- From: Kristof Zelechovski <giecrilj@stegny.2a.pl>
- Date: Wed, 15 Oct 2008 20:34:49 +0200
The user agent could calculate the best continued fraction approximation to recover the original ratio from the floating-point representation. That means the denominator should be limited somehow. Otherwise, the attribute could be split into two in order to avoid the microsyntax. The resulting attributes are guaranteed to have ugly names though. "pixelratiowidth" and "pixelratioheight" are better than "pixelratiox" and "pixelratioy" because they have the advantage of being readable.

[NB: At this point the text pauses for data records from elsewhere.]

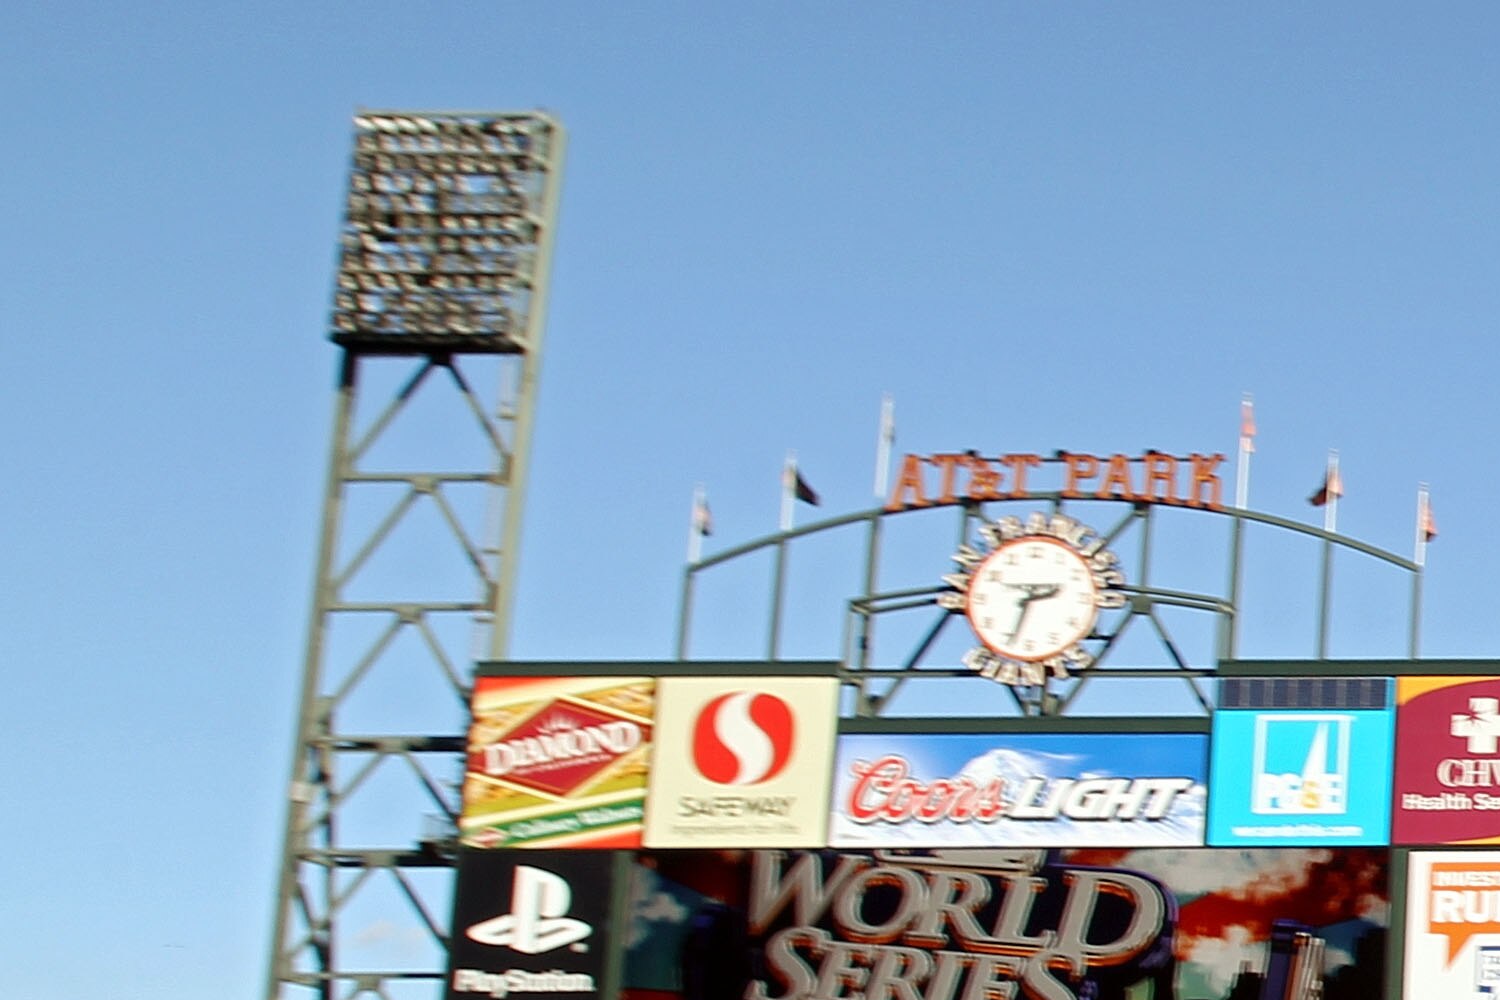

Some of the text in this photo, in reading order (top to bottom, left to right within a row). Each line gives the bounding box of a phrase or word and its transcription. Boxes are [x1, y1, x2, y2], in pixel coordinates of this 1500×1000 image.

[884, 453, 1226, 511] AT&T PARK
[678, 796, 797, 817] SAFEWAY
[847, 756, 1195, 824] Coors LIGHT
[1401, 792, 1472, 810] Health
[747, 849, 1167, 981] WORLD
[452, 968, 597, 999] PlayStation
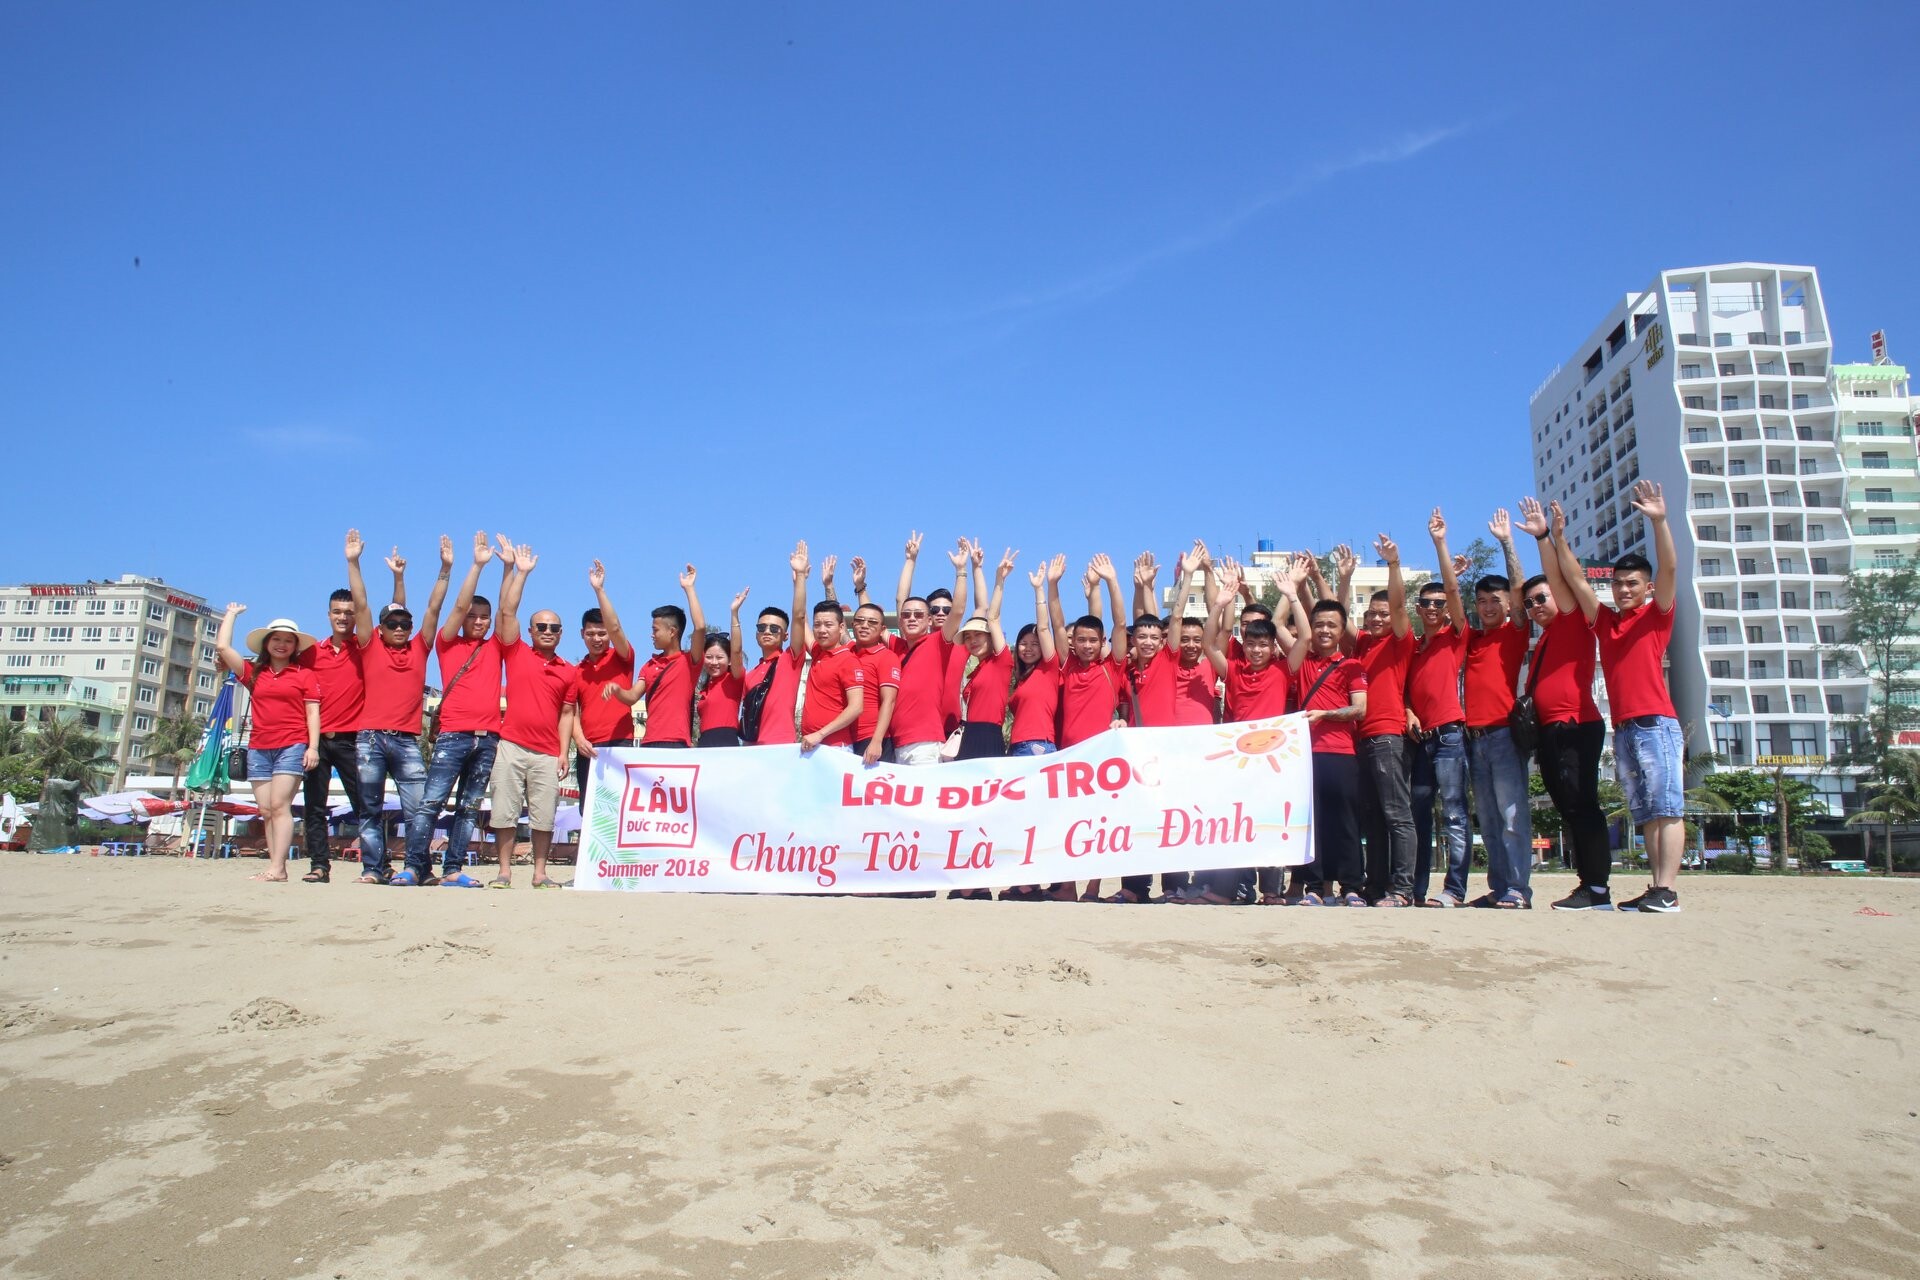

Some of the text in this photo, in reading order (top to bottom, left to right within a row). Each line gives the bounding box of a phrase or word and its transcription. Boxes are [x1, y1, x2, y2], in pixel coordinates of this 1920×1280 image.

[1587, 566, 1615, 578] HOT
[629, 776, 688, 814] LẨU
[842, 773, 924, 807] LẨU
[936, 776, 1026, 810] ĐỨC
[625, 818, 651, 832] ĐỨC
[730, 831, 840, 887] Chúng
[862, 830, 921, 872] Tôi
[943, 826, 995, 870] Là
[1019, 825, 1036, 866] 1
[1064, 816, 1133, 858] Gia
[1157, 801, 1257, 848] Đình
[597, 858, 710, 878] Summer 2018
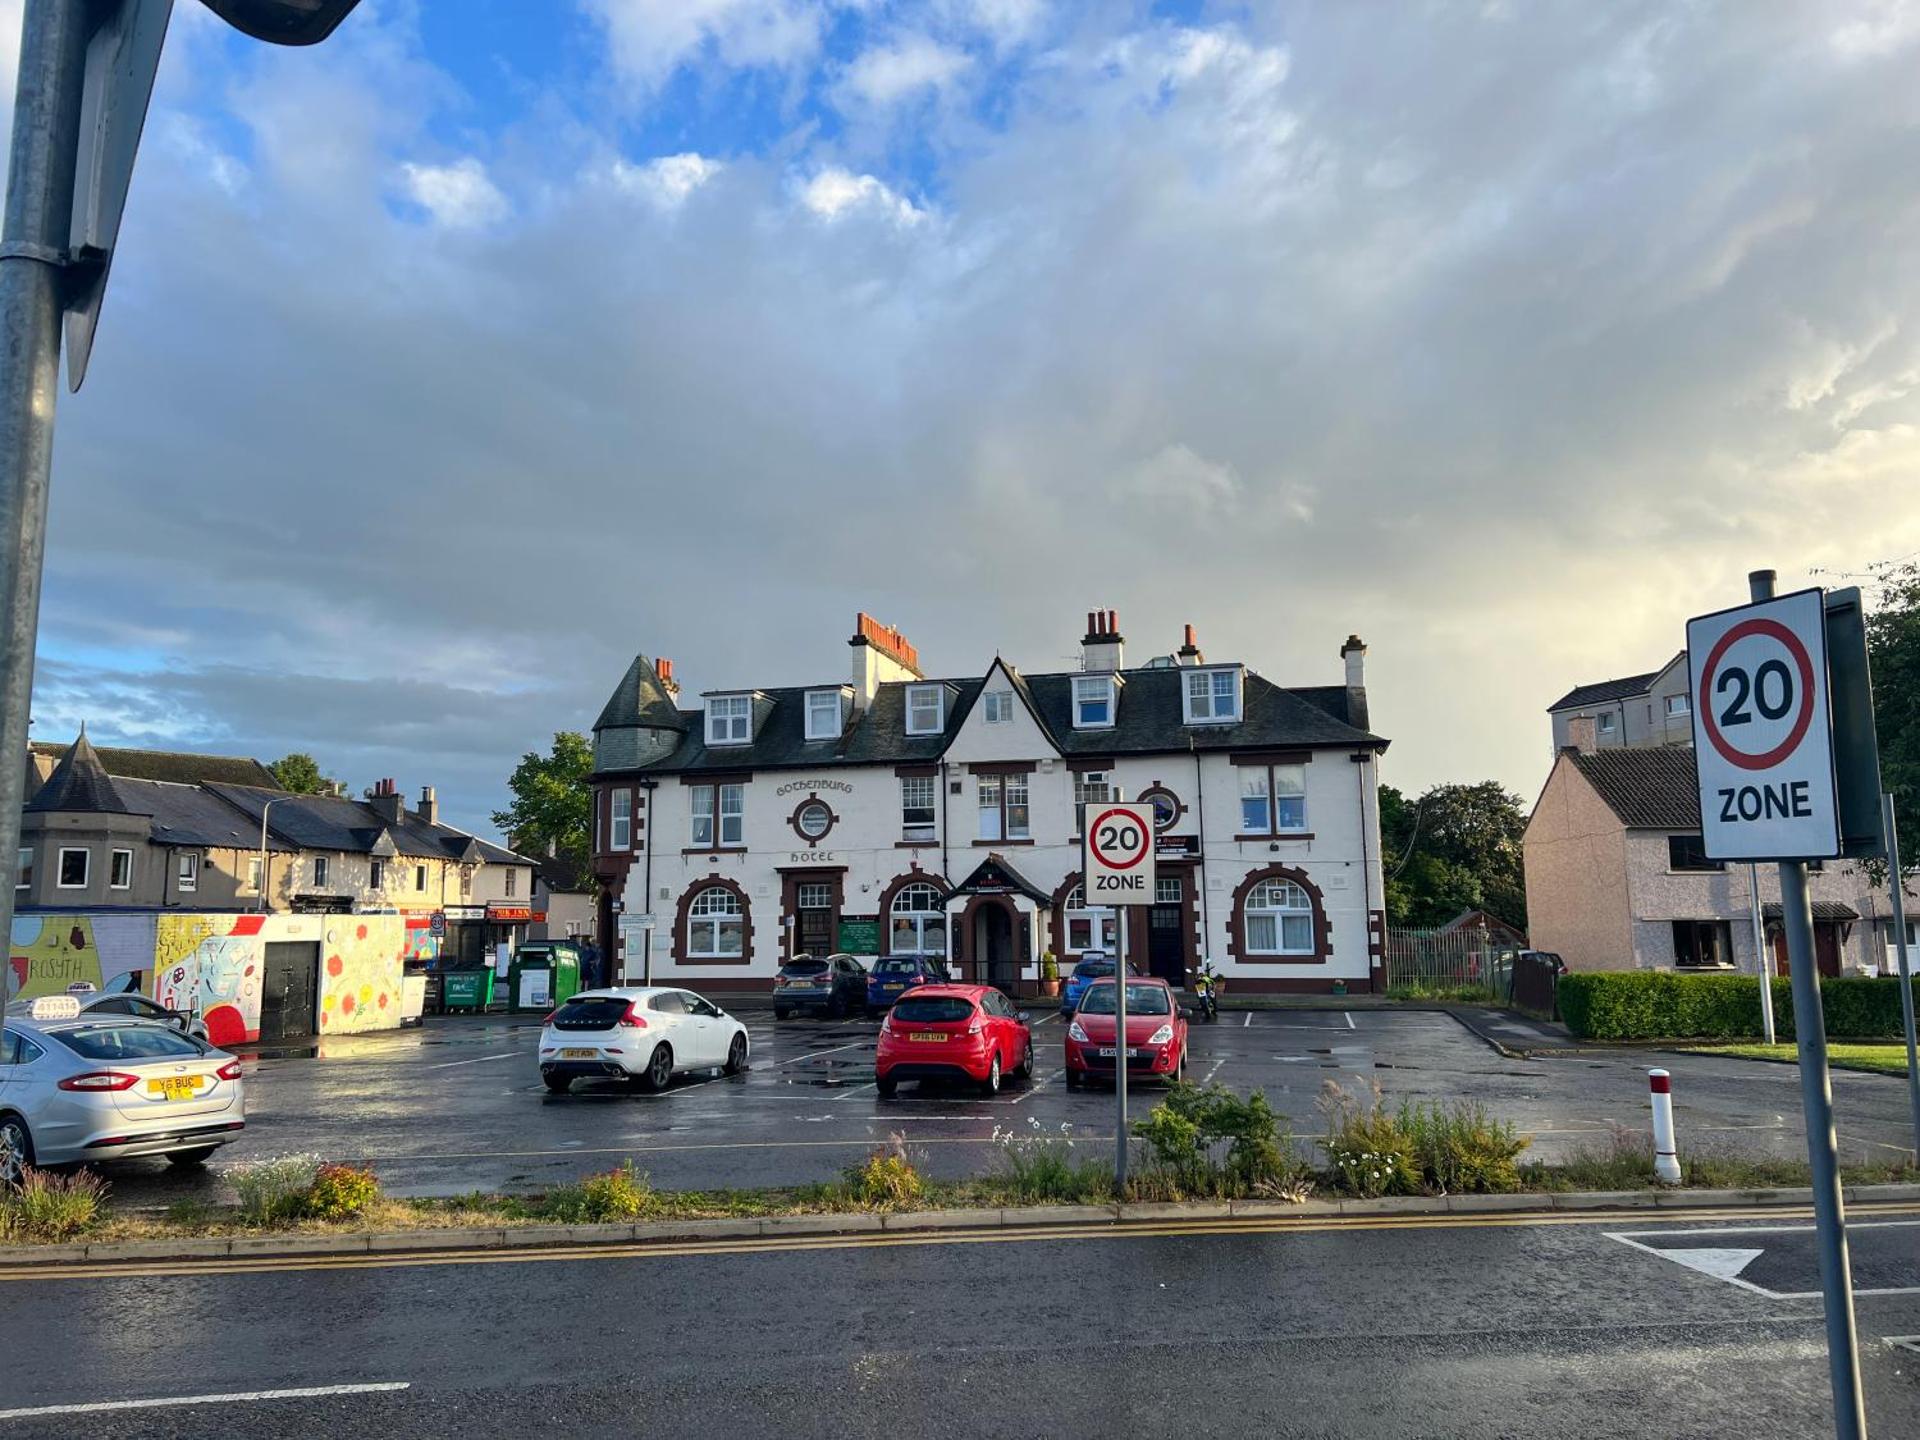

Chris -----Original Message----- From: whatwg-bounces@lists.whatwg.org [mailto:whatwg-bounces at lists.whatwg.org] On Behalf Of Ian Hickson Sent: Wednesday, October 15, 2008 11:41 AM To: Sander van Zoest Cc: whatwg at lists.whatwg.org Subject: Re: [whatwg] video tag: pixel aspect ratio On Tue, 14 Oct 2008, Sander van Zoest wrote: > > I just recently started looking at HTML5 and noticed the video tag. Neat > addition. I also noticed that it as an attribute named 'pixelratio', > however, as you know this is never an integer, but rather is the result > of a fraction (i.e. ratio). As for proper playback of video frames, it > is important to understand exact float and therefore I would suggest > either expressing it as a ratio of two 32-bit integers separated by a > colon (or slash) or use two different attributes. This avoids > unintentional rounding. > > Something roughly along the lines of: > > <source pixelratio="10:11"> <!-- 525 composite NTSC --> > <source pixelratio="59:54"> <!-- 625 composite PAL --> > <source pixelratio="1018:1062"> <!-- 1920x1035 HDTV SMPTE RP 187-1995 --> Currently pixelratio is a floating point number, as in: <source pixelratio="0.909090909"> <!-- 525 composite NTSC --> <source pixelratio="1.09259259"> <!-- 625 composite PAL --> <source pixelratio="0.958568738"> <!-- 1920x1035 HDTV SMPTE RP 187-1995 --> Is that not enough? This isn't expected to be used often. It's really only provided to allow for simple override of the actual value in the video file, for when the video file is known to be wrong. I am very reluctant to make up a whole new microsyntax and corresponding parser algorithm, along with all the tests, etc, to handle this one case.